Viavi Solutions Inc (VIAV)

Solvency ratios

Jun 30, 2025 Jun 30, 2024 Jun 30, 2023 Jun 30, 2022 Jun 30, 2021
Debt-to-assets ratio 0.00 0.00 0.00 0.00 0.00
Debt-to-capital ratio 0.00 0.00 0.00 0.00 0.00
Debt-to-equity ratio 0.00 0.00 0.00 0.00 0.00
Financial leverage ratio 2.56 2.55 2.68 2.72 2.57

The analysis of Viavi Solutions Inc.'s solvency ratios over the period from June 30, 2021, to June 30, 2025, reveals a consistent pattern indicative of a company with minimal or no financial leverage derived from debt financing.

Firstly, the Debt-to-assets ratio remains at zero throughout all the observed periods, indicating that the company has not employed any debt in its asset financing structure. This implies that the company's assets are funded entirely by equity or other non-debt sources, which substantially reduces financial risk associated with leverage.

Similarly, the Debt-to-capital ratio maintains a steady value of zero, reaffirming the absence of debt in the company's capitalization structure across all the years examined. This ratio confirms that debt does not constitute any part of the company's total capital structure during this period.

The Debt-to-equity ratio also consistently reports a value of zero, which indicates that the company’s equity accounts solely for its capitalization, with no recorded debt liabilities relative to shareholders' equity. This further emphasizes the company's reliance on equity financing and the lack of leverage.

Despite the absence of debt-related ratios, the Financial leverage ratio fluctuates slightly over the years, ranging from 2.55 to 2.72. This ratio measures the extent of a company's assets financed by shareholders' equity, including the effect of operational and accounting policies. Its consistently above-one value suggests that asset levels are more than twice the equity, indicating some degree of leverage derived from operational efficiencies or other non-debt sources rather than traditional debt financing. The slight variations indicate minor changes in the company's operational or asset structure but do not suggest any significant shifts in leverage policy.

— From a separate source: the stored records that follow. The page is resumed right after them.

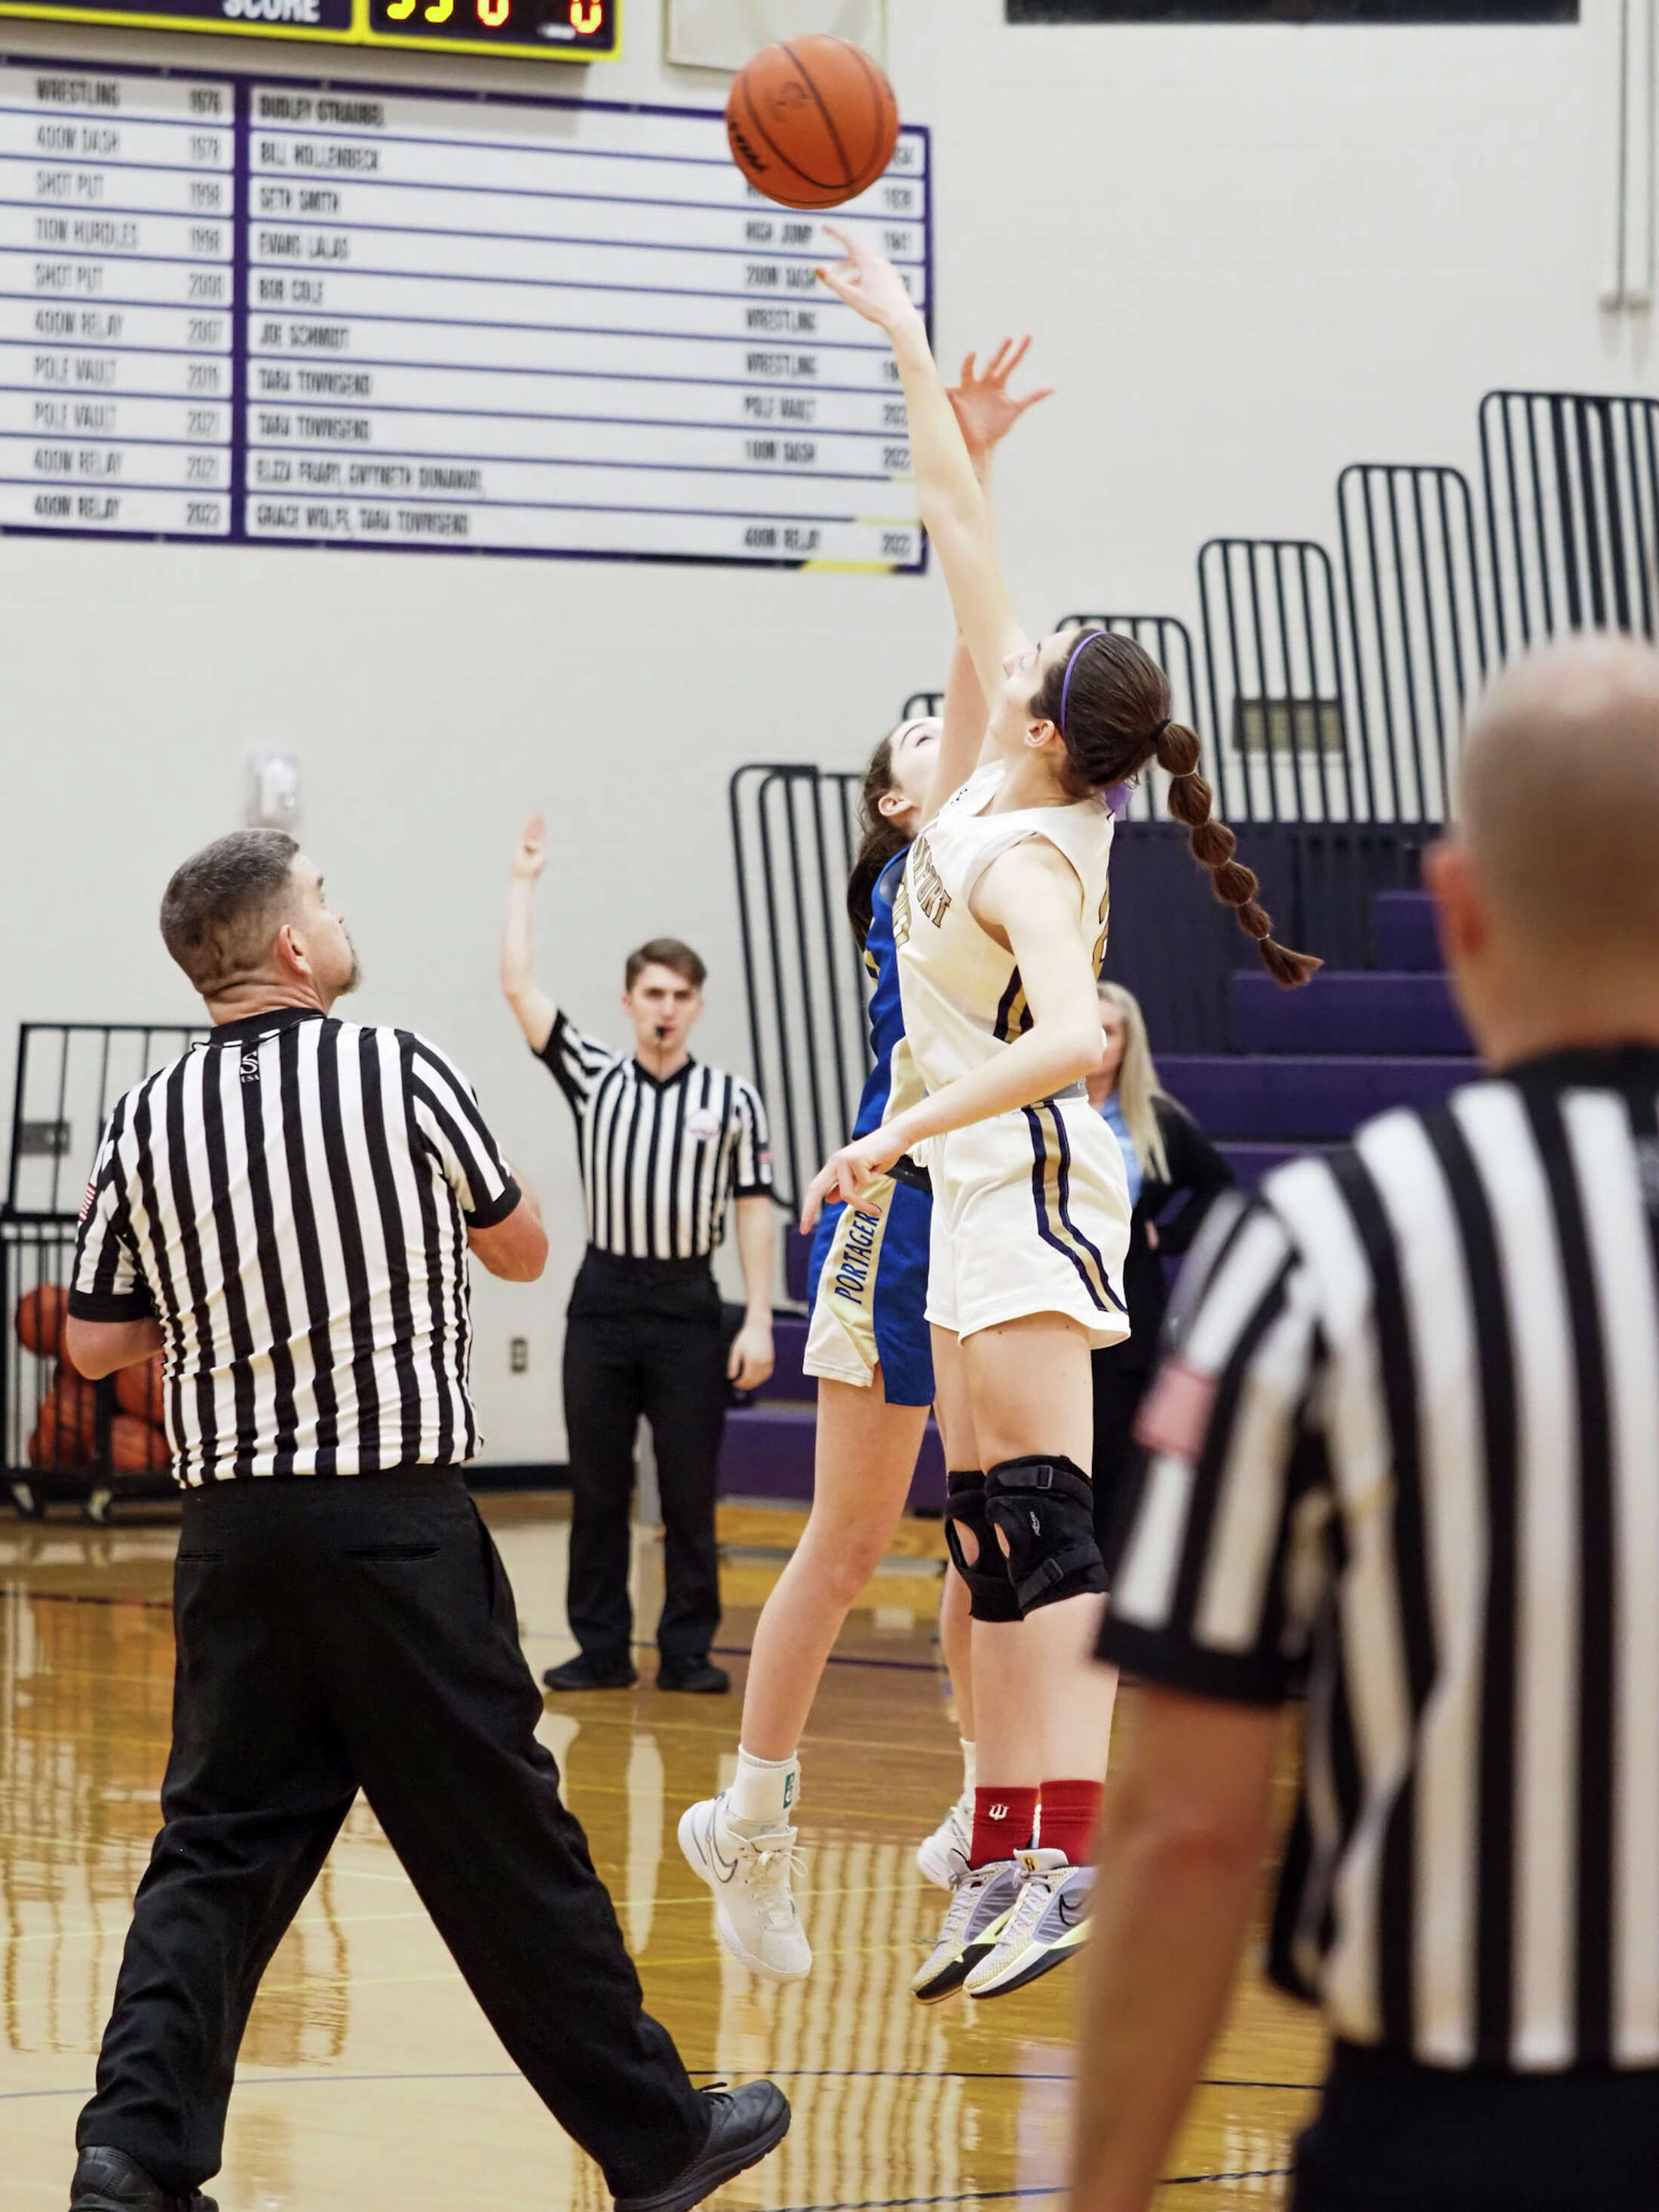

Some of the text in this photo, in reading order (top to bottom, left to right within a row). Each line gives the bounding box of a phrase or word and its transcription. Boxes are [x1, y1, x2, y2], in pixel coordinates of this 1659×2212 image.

[36, 78, 121, 108] WRESTLING
[36, 170, 104, 200] SHOT PUT
[299, 189, 339, 216] SMITH
[72, 218, 138, 250] HURDLES
[35, 262, 104, 293] SHOT PUT
[80, 311, 123, 339] RELAY
[746, 308, 816, 333] WRESTLING
[34, 355, 116, 385] POLE VAULT
[746, 352, 817, 378] WRESTLING
[297, 370, 370, 398] TOWNSEND
[33, 401, 116, 433] POLE VAULT
[296, 415, 370, 443] TOWNSEND
[78, 449, 121, 480] RELAY
[78, 495, 120, 522] RELAY
[783, 528, 820, 552] RELAY

Overall, the solvency profile of Viavi Solutions Inc. from June 2021 to June 2025 is characterized by an absence of traditional leverage ratios related to debt, supported by the zero debt-to-assets, debt-to-capital, and debt-to-equity ratios. The stable but elevated financial leverage ratio points to operational or internal factors influencing the company's asset-to-equity structure without introducing debt-related risks.


Coverage ratios

Jun 30, 2025 Jun 30, 2024 Jun 30, 2023 Jun 30, 2022 Jun 30, 2021
Interest coverage 2.29 1.38 3.12 3.79 9.90

The interest coverage ratio for Viavi Solutions Inc. has exhibited a notable decline over the analyzed period from June 30, 2021, to June 30, 2025. Specifically, the ratio was 9.90 in 2021, indicating a strong ability to cover interest expenses with operating earnings. This ratio decreased significantly to 3.79 in 2022 and further declined to 3.12 in 2023, reflecting a diminishing capacity to service interest obligations from operational income.

By June 30, 2024, the ratio fell sharply to 1.38, approaching a level that suggests the company's operating earnings are only slightly exceeding its interest expenses. This narrow margin raises concerns regarding financial stability and the company's capacity to comfortably meet interest payments without additional financing or operational improvements.

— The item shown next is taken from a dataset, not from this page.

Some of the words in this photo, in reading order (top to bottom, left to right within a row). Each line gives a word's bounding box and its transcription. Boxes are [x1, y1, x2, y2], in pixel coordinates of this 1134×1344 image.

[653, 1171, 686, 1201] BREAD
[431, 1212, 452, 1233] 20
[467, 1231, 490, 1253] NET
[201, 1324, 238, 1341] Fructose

In the subsequent year, June 30, 2025, the ratio experienced a slight recovery to 2.29, indicating some improvement in the company's ability to cover interest costs, yet it remains substantially below the 2021 level. Overall, the trend demonstrates a declining trend in the company's interest coverage capacity, which warrants attention from stakeholders as it could signal increased financial risk and potential difficulties in managing debt obligations if the trend continues.